The highest ideal, but which few of us are likely to perfectly accomplish in this lifetime although we can try our best, is to have both polarities of perception and action united within us. This may perhaps be signified in Mr Judge’s words in “Letters That Have Helped Me” (p. 112): “Let the warrior fight, the gentle yet fierce Krishna, who, when he finds thee as his disciple and his friend, will tell thee the truth and lighten up the darkness with the lamp of spiritual knowledge,” and in his statement on p. 102 of the same book that we ought not to be solely “of and for war” but also “of and for peace” and not solely “of and for peace” but also “of and for war.”

Presumably then it is necessary to find out all that Robert Crosbie has to say in this regard and then individually conclude what is the right approach to take. For almost all of us, if we are honest with ourselves, this will require a certain degree of adjustment and alteration of attitude and approach.

Let us start with the more “positive” and “open” of his statements, from his letters published in the book “The Friendly Philosopher.” These are the passages which tend to be favoured by the more unity-minded ULT associates and sometimes ignored by others amongst us:

“. . . Theosophy can be used selfishly as well as in the right way. The good comes from the fact that Theosophic ideas pave the way for those who are as yet not clear-eyed. So even those who selfishly use Theosophical ideas unconsciously help by keeping these ideas before the world. Theosophy is, and even a mistaken idea of it may lead to a correct understanding. Let us keep to the correct understanding and refrain from condemnation, and success must come in some measure. . . . Either Theosophy pure and undefiled is the most real thing in the world, or we are all wasting our time and effort. If we are able to conceive its reality in all seriousness, we should then never cease trying to understand and apply what has been recorded by Masters’ Messenger for our guidance and instruction.” (p. 398-399)

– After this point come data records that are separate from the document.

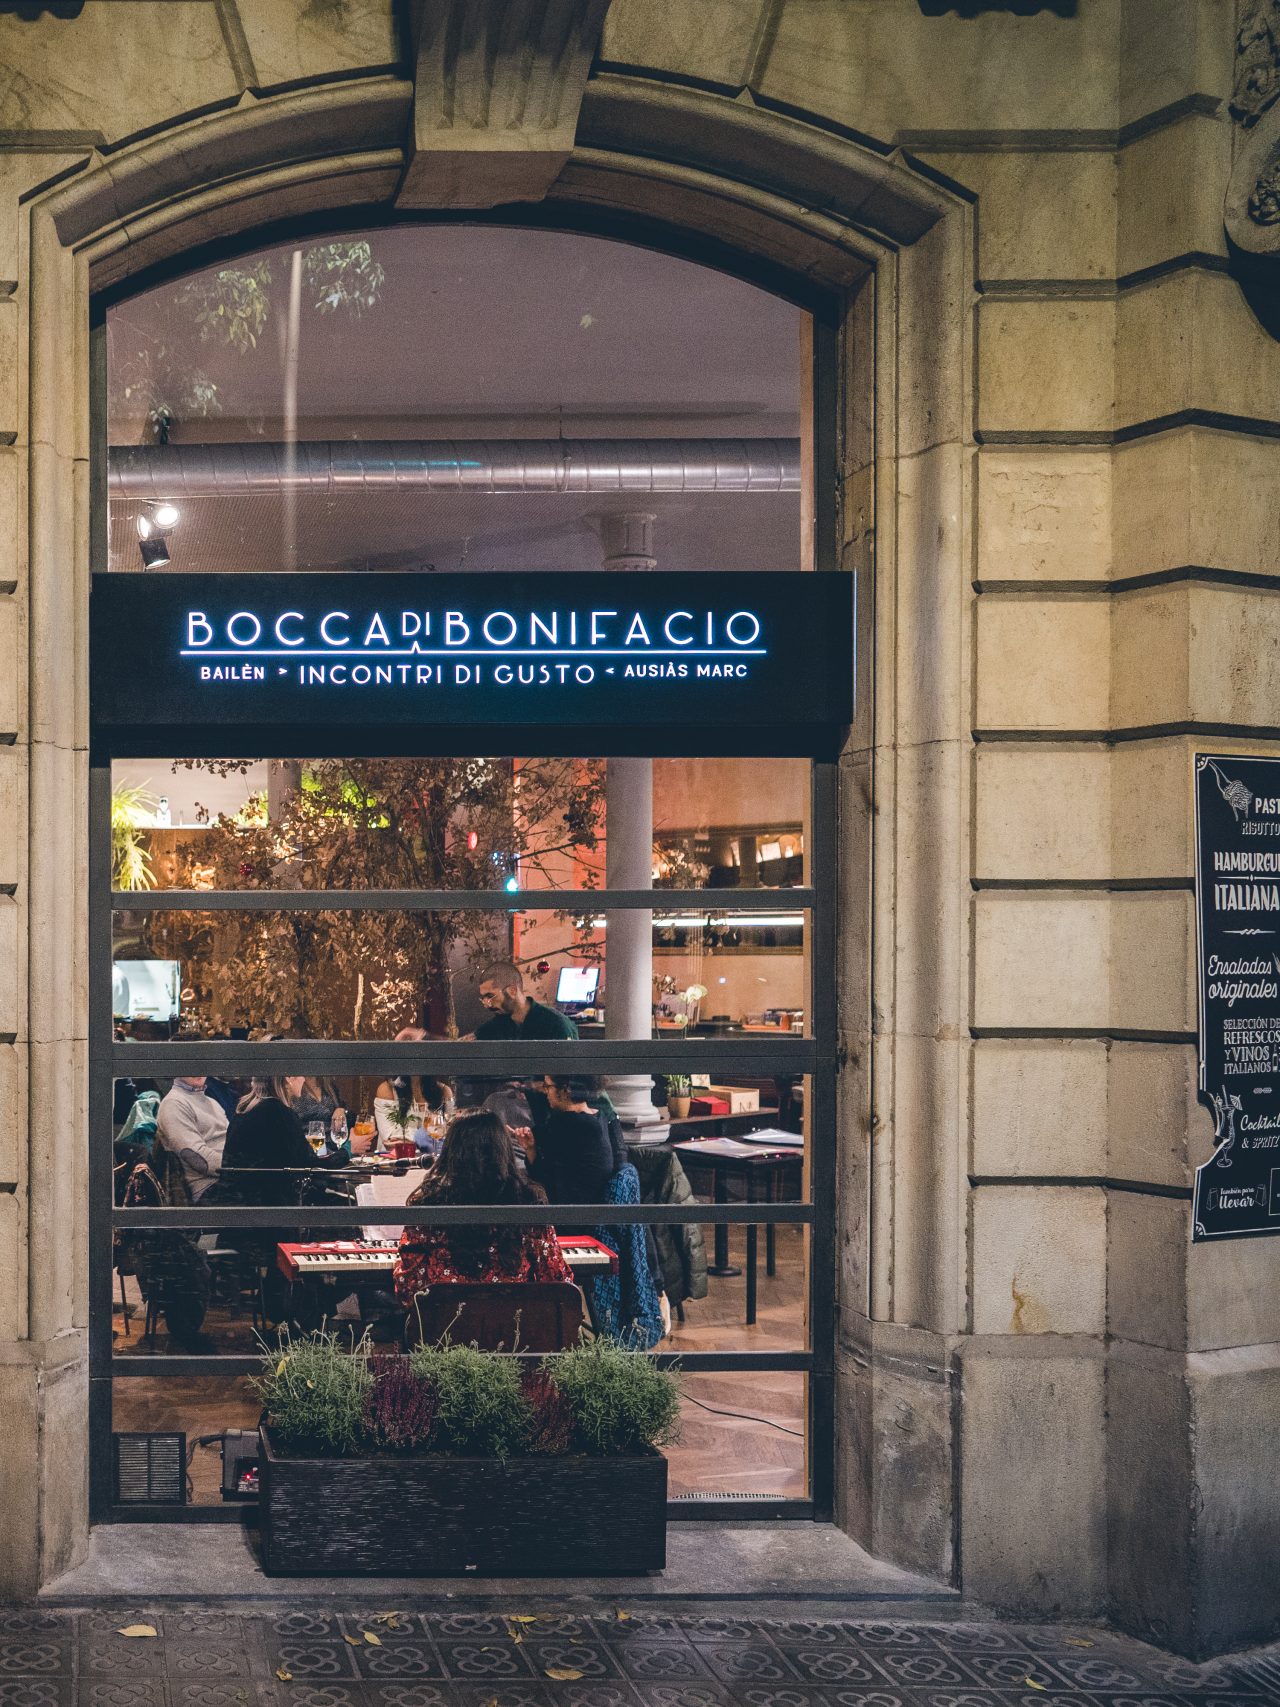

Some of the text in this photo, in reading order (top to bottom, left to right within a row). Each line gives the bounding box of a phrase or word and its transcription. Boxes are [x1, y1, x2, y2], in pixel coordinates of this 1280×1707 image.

[187, 611, 760, 646] BOCCA DI BONIFACIO
[200, 661, 748, 685] BAILÈN INCONTRI DI GUSTO AUSIÀS MARC
[1214, 884, 1280, 911] ITALIANA
[1208, 954, 1272, 977] Ensaladas
[1208, 979, 1278, 1008] originales
[1223, 1016, 1268, 1030] SELECCIÓN
[1223, 1030, 1280, 1045] REFRESCOS
[1231, 1046, 1270, 1062] VINOS
[1223, 1062, 1271, 1075] ITALIANOS
[1241, 1138, 1249, 1149] &
[1219, 1195, 1255, 1209] llevar

““We cannot prevent people from doing the things they can do,” and would not use force even if we could, because the mind has to be free to choose; otherwise there would be no real progress. We might apply an analogy right here: let Oxygen represent the Truth, and Nitrogen purely terrestrial conceptions; the more nitrogenous the conception, the less room for “oxygenation” in any given vehicle. There can be no breath whatever without some oxygen, and a little is better than none at all. Perhaps the Tingley, Besant and other stripes of Theosophy have their place in the great economy of consciousness; they must have, or minds would not seize and hold that kind. If the “kind” does not bring the expected result or knowledge, a further search is indicated. “It is better to have no side, for it is all for the Master, and He will look out for all, if each does just right, even if, to our view, another seems not to do so. By not looking at their errors too closely the Master will be able to clear it all off and make it work well. Hence, go on, and keep the spirit that you have only to proceed, and leave the rest to time and the Lodge.” I think that this is a good attitude for us all in the matter of Theosophical claims and exponents. Every person really waked up by them will touch us sooner or later if we hold to the straight line.” (p. 92-93)

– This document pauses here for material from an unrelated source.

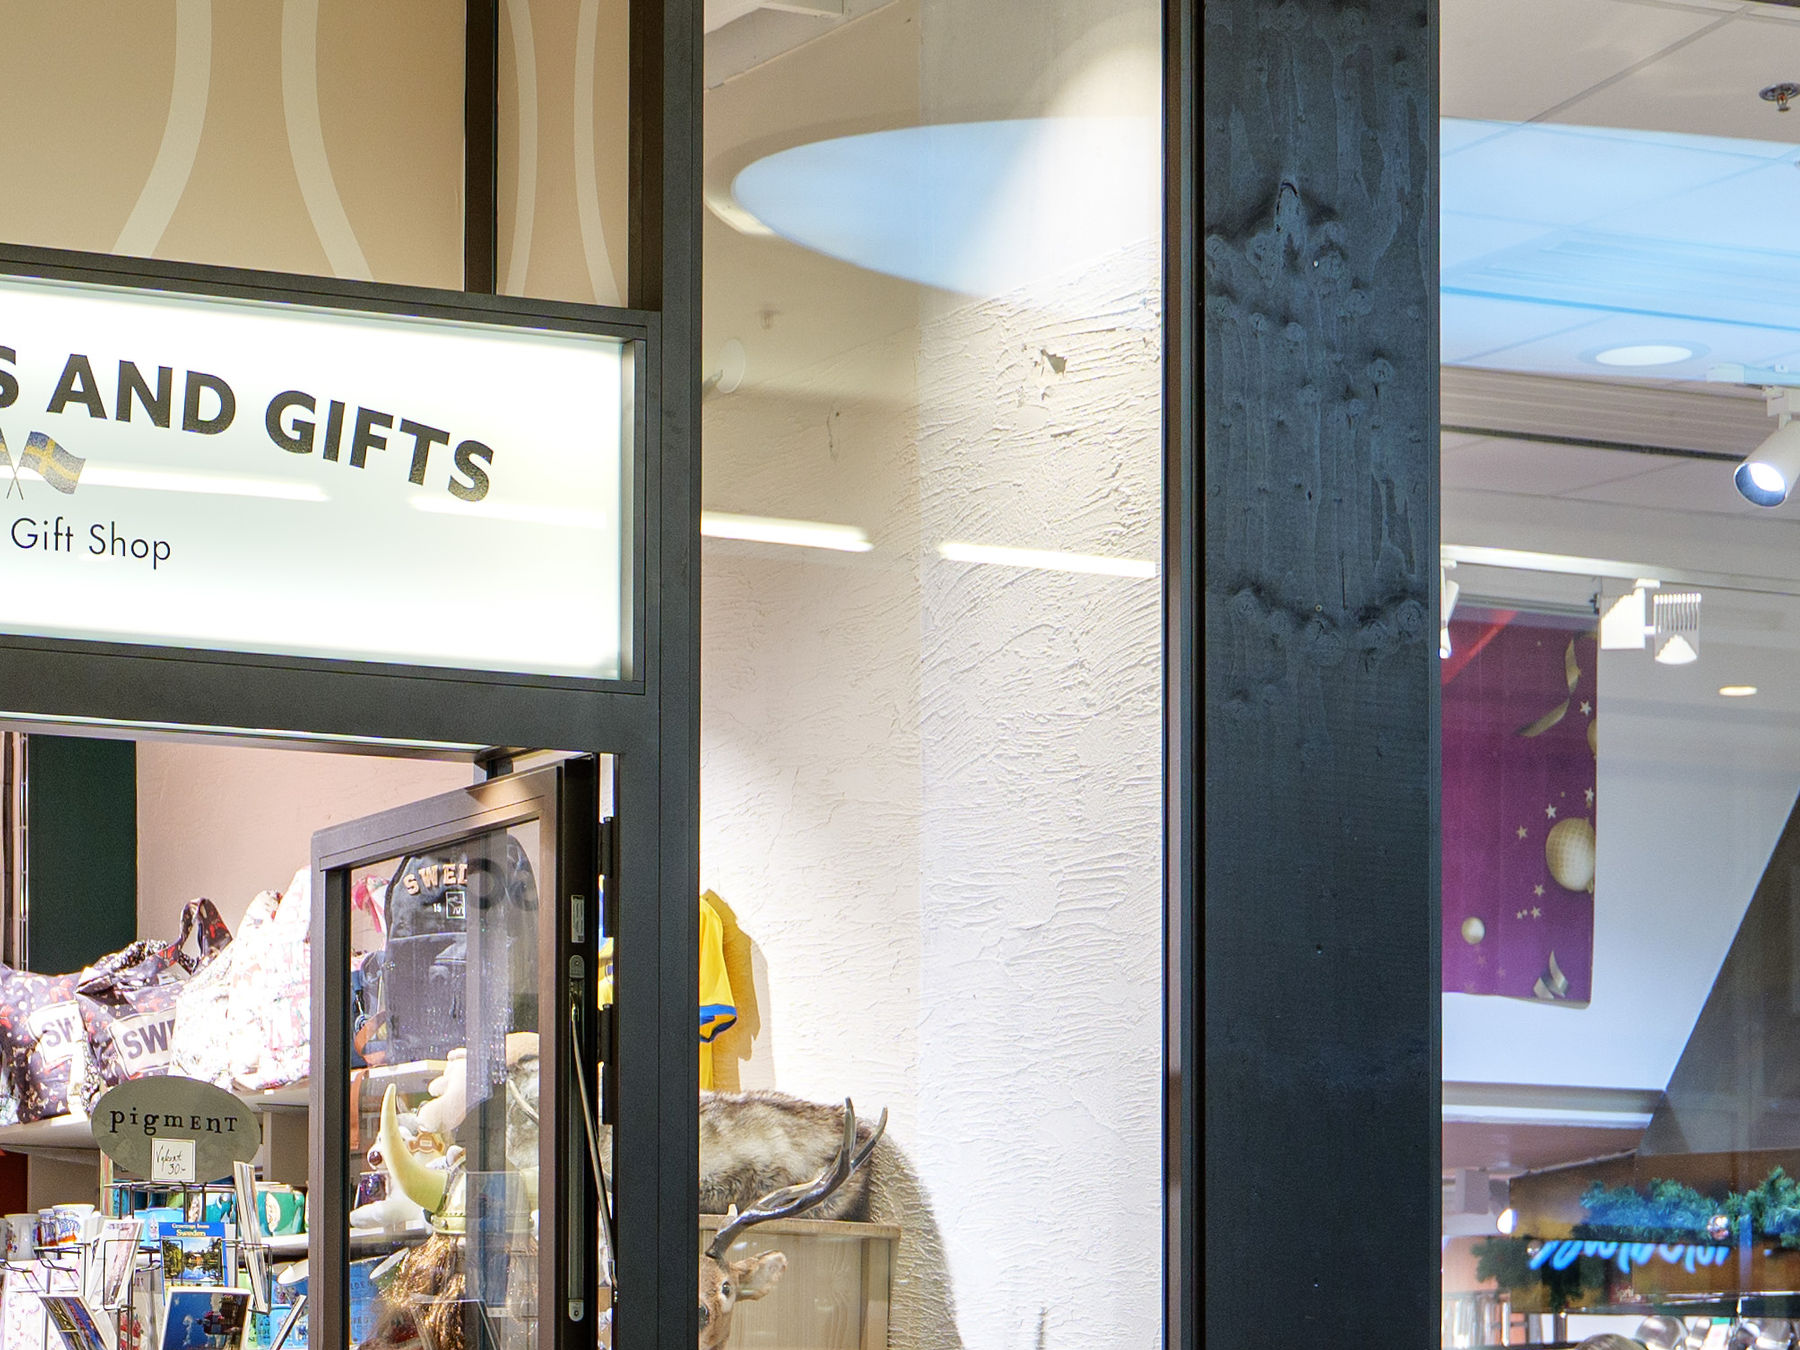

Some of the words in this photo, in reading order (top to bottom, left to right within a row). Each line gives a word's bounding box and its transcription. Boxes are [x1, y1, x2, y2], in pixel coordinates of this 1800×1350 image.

[46, 353, 237, 437] AND
[264, 389, 494, 503] GIFTS
[11, 516, 75, 553] Gift
[89, 521, 172, 570] Shop

“We should push nothing, while responding to everything. We would not use force if we could, because each mind has to be free to choose; otherwise there would be no true progress. And I think this is a good attitude to be taken in the matter of questions concerning theosophical claims and exponents. These various stripes must have their place in the great economy of consciousness – they must have, or people would not be attracted by them, would not seize and hold on to them. When the particular “stripe” does not bring the devotee the expected result in knowledge, then a further search is indicated to the mind so caught. Every person really waked up by such claims or exponents will touch us sooner or later, if we hold to the straight line. On this, Mr. Judge once wrote: “By our not looking at their errors too closely, the Master will be able to clear it all off and make it work well.”” (p. 371, this is a paraphrasing of the previous passage)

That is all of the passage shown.